Namun pada keadaan defisiensi, pemberian vitamin C akan
menghilangkan gejala penyakit dengan cepat.
b. Farmakokinetik Obat
Vitamin C mudah diabsorpsi melalui saluran cerna.pada keadaan normal
tampak kenaikan kadar vitamin C dalam darah setelah diabsorpsi. Kadar
dalam lekosit dan trombosit lebih besar daripada dalam plasma dan
eritrosit. Distribusinya luas ke seluruh tubuh dengan kadar tertinggi dalam
kelenjar dan terendah dalam otot dan jaringan lemak. Ekskresi melalui
urin dalam bentuk utuh dan bentuk garam sulfatnya terjadi jika kadar
dalam darah melewati ambang rangsang ginjal yaitu 1,4 mg% (Dewoto
2007). Beberapa obat diduga dapat mempercepat ekskresi vitamin C
misalnya tetrasiklin, fenobarbital, dan salisilat. Vitamin C dosis besar
dapat memberikan hasil false negative pada uji glikosuria (enzymedip test)

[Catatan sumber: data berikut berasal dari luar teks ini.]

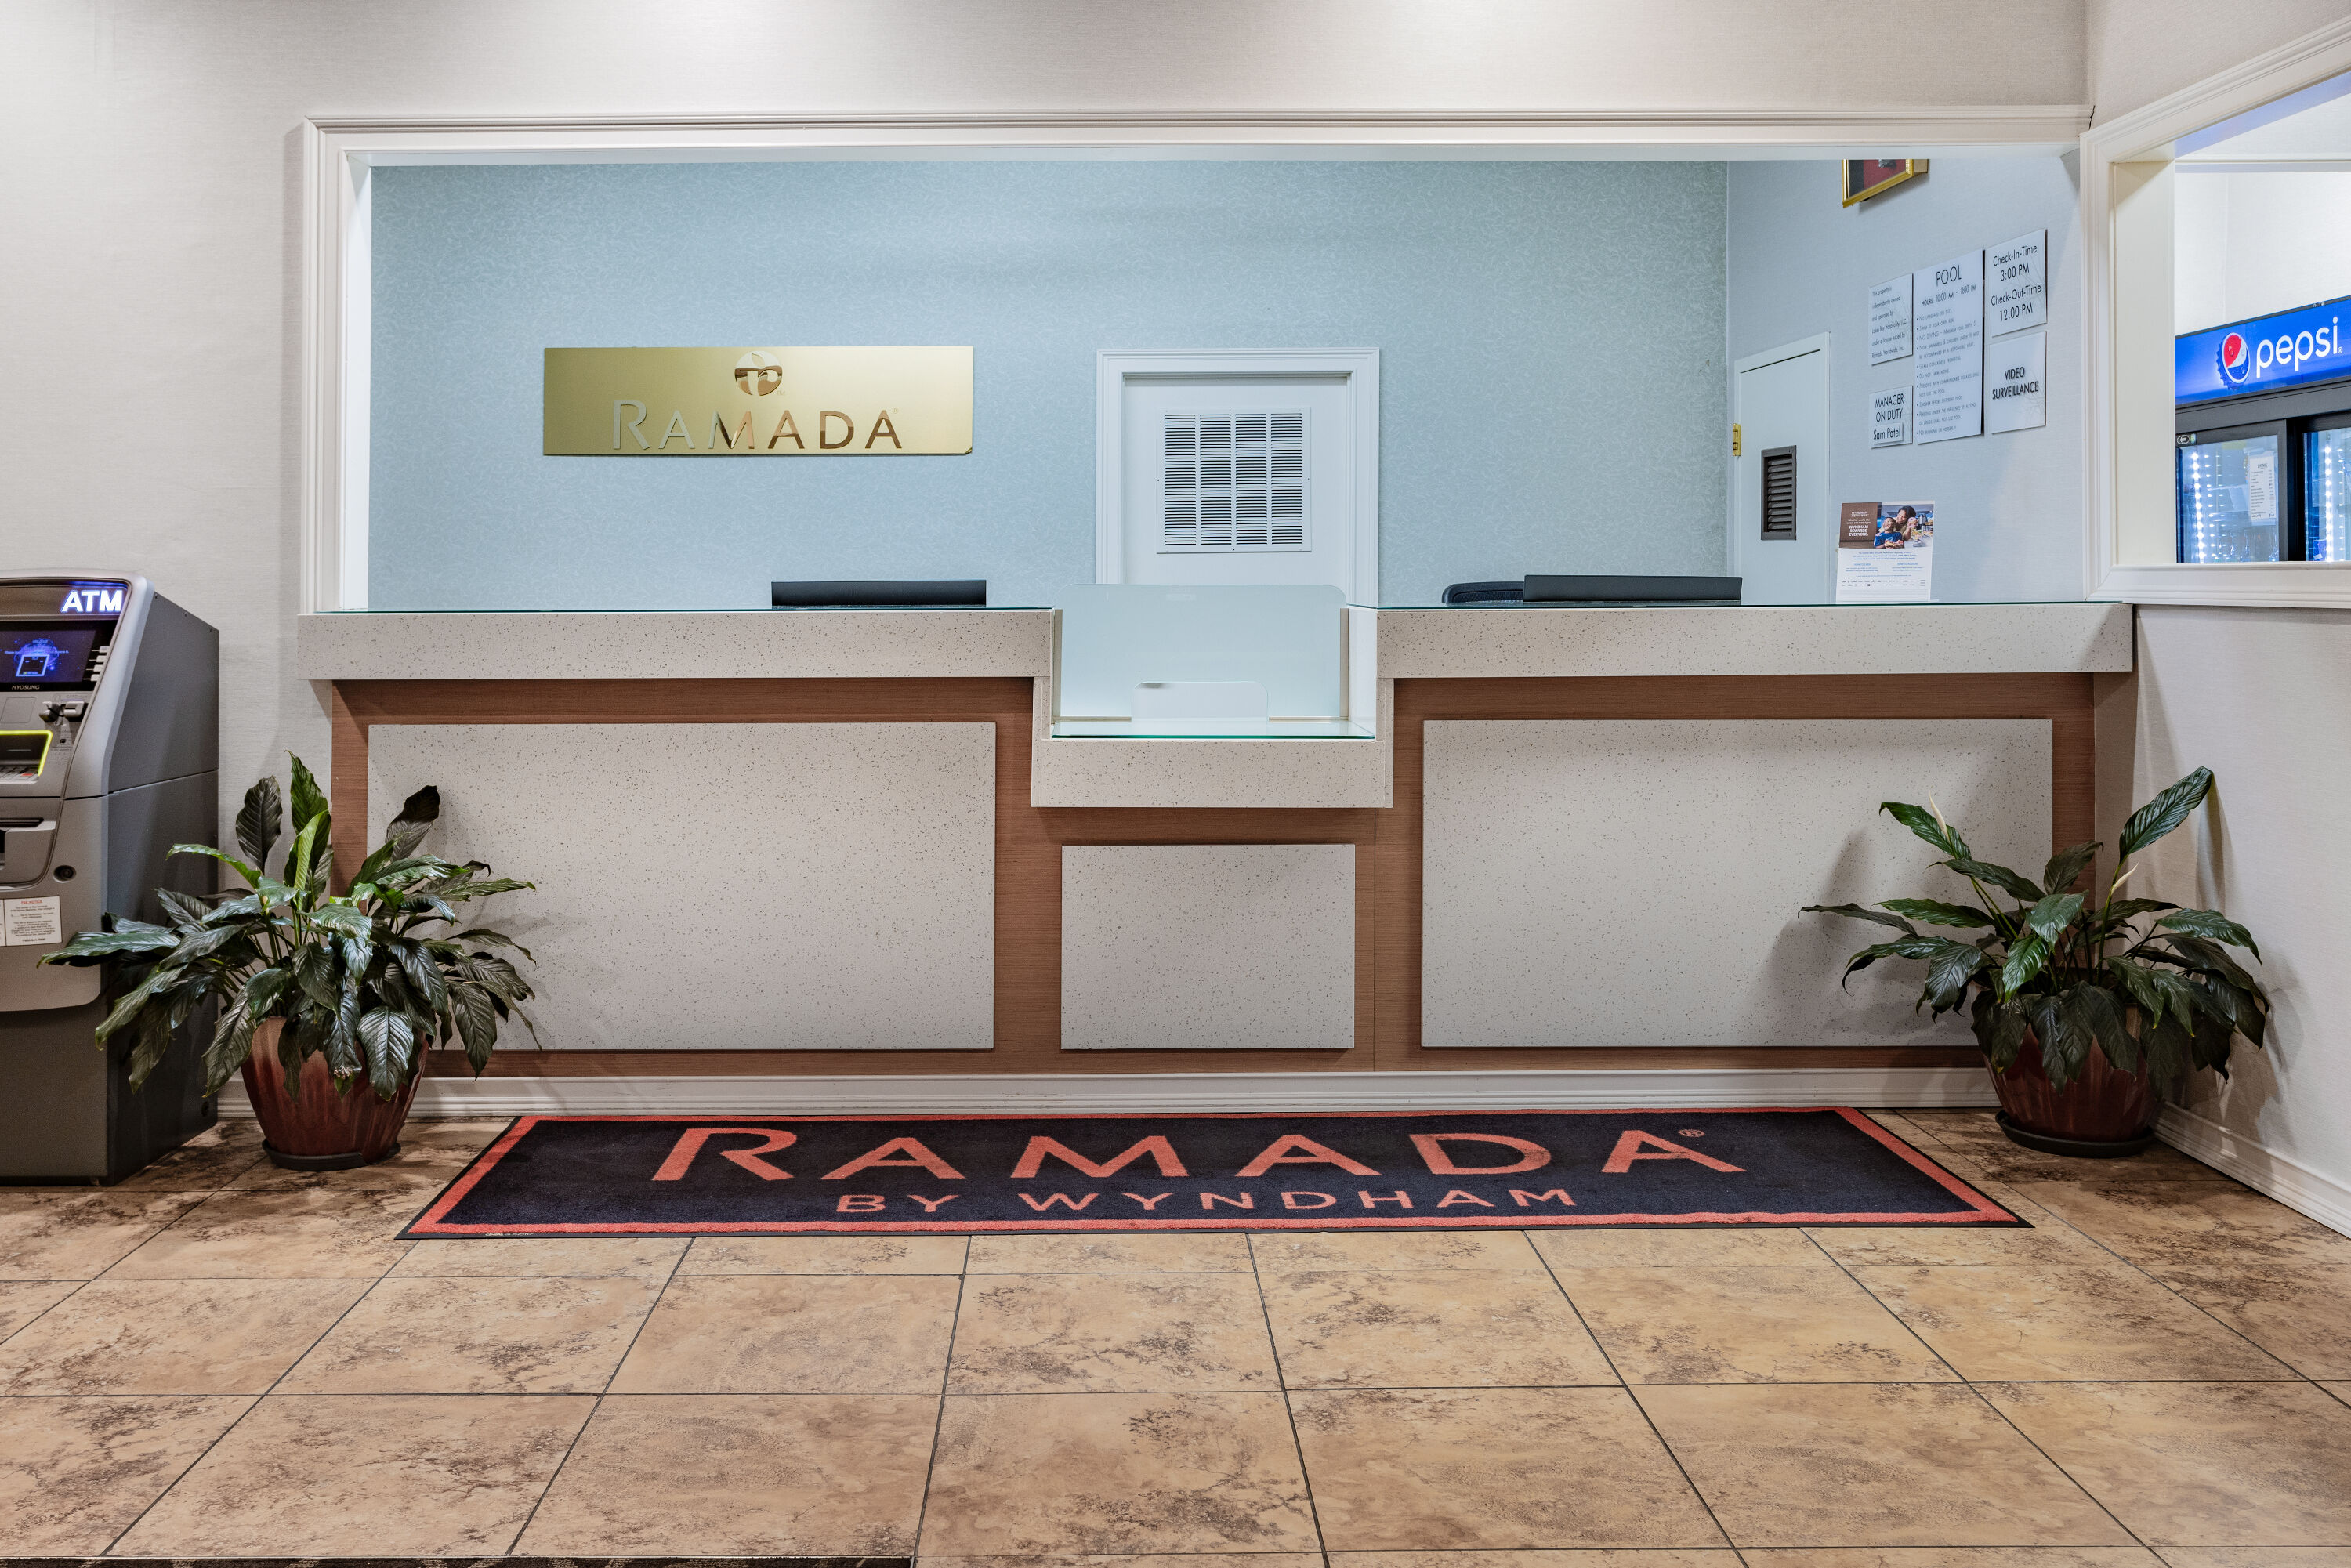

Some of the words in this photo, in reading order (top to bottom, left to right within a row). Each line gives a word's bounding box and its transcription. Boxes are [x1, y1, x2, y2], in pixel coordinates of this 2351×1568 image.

[1993, 245, 2038, 266] Check-In-Time
[1936, 264, 1962, 286] POOL
[2001, 266, 2016, 281] 3:00
[2018, 263, 2030, 276] PM
[1991, 284, 2041, 306] Check-Out-Time
[2000, 306, 2019, 321] 12:00
[2022, 302, 2033, 316] PM
[2255, 316, 2337, 378] pepsi
[2005, 367, 2025, 380] VIDEO
[1875, 393, 1904, 408] MANAGER
[1992, 381, 2038, 400] SURVEILLANCE
[613, 400, 902, 449] RAMADA
[1876, 411, 1886, 422] ON
[1888, 408, 1903, 421] DUTY
[1874, 429, 1885, 440] Sam
[1887, 425, 1900, 438] Patel
[61, 589, 122, 613] ATM
[650, 1128, 1747, 1181] RAMADA
[836, 1194, 960, 1213] BY
[1019, 1189, 1576, 1211] WYNDHAM

dan 8 uji adanya darah pada feses pasien karsinoma kolon. Hasil false
positive dapat terjadi pada clinitest dan tes glikosuria dengan larutan
Benedict.
c. Indikasi
Vitamin C diindikasikan untuk pencegahan dan pengobatan skorbut.

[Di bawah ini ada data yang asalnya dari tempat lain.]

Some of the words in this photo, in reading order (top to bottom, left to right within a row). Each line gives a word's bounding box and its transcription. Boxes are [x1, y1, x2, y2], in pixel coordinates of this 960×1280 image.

Selain itu, vitamin C juga digunakan untuk berbagai penyakit yang tidak
ada hubungannya dengan defisiensi vitamin C dan seringkali digunakan
dengan dosis besar. Namun, efektivitasnya belum terbukti. Vitamin C
yang mempunyai sifat reduktor digunakan untuk mengatasi

13
methemoglobinemia idiopatik meskipun kurang efektif dibandingakan
dengan metilen blue. Vitamin C tidak mengurangi insidens common cold
tetapi dapat mengurangi berat sakit dan lama masa sakit (Dewoto 2007).
9. Vitamin D
Vitamin D membantu tubuh menyerap kalsium dari makanan serta
memperkuat tulang dan gigi. Rekomendasi dosis vitamin D yang perlu
dicukupi bayi setiap harinya adalah sekitar 5 mcg. Vitamin D bisa diperoleh
melalui berjemur di bawah sinar matahari pagi dan mengonsumsi makanan
kaya vitamin D, seperti daging atau hati sapi, kuning telur, ikan, susu kedelai,
dan sereal atau jus yang difortifikasi vitamin D.
10. Vitamin E
Vitamin E bertugas melindungi sel dari kerusakan, memperkuat sistem
kekebalan tubuh, serta baik untuk kesehatan kulit dan mata. Bayi
membutuhkan sekitar 4-5 mg vitamin E setiap harinya. Buah alpukat, mangga,
kiwi, dan sayuran, seperti bayam dan brokoli, adalah sumber vitamin E yang
baik untuk dikonsumsi Si Kecil.
a. Farmakodinamik Obat
Vitamin E berperan sebagai antioksidan dan dapat melindungi kerusakan
membrane biologis akibat radikal bebas. Vitamin E melindungi asam
lemak tak jenuh pada membrane fosfolipid. Radikal peroksil bereaksi
1000 kali lebih cepat dengan vitamin E daripada dengan asam lemak tak
jenuh dan membentuk radikal tokoferoksil. Radikal ini selanjutnya
berinteraksi dengan antioksidan yang lain seperti vitamin C yang akan
membentuk kembali tokoferol. Vitamin E juga penting untuk melindungi
membrane sel 9 darah merah yang kaya asam lemak tak jenuh ganda dari
kerusakan akibat oksidasi. Vitamin ini berperan dalam melindungi
lipoprotein dari LDL teroksidasi dalam sirkulasi. LDL teroksidasi ini
memegang peranan penting dalam menyebabkan aterosklerosis. Selain
efek antioksidan, vitamin E juga berperan mengatur proliferasi sel otot
polos pembuluh darah, menyebabkan vasodilatasi dan menghambat baik

14
aktivasi trombosit maupun adhesi lekosit. Vitamin E juga melindungi β-
karoten dari oksidasi (Dewoto 2007).
b. Farmakokinetik Obat
Vitamin E diabsorpsi baik melalui saluran pencernaan. Beta-lipoprotein
mengikat vitamin E dalam darah dan mendistribusikan ke semua jaringan.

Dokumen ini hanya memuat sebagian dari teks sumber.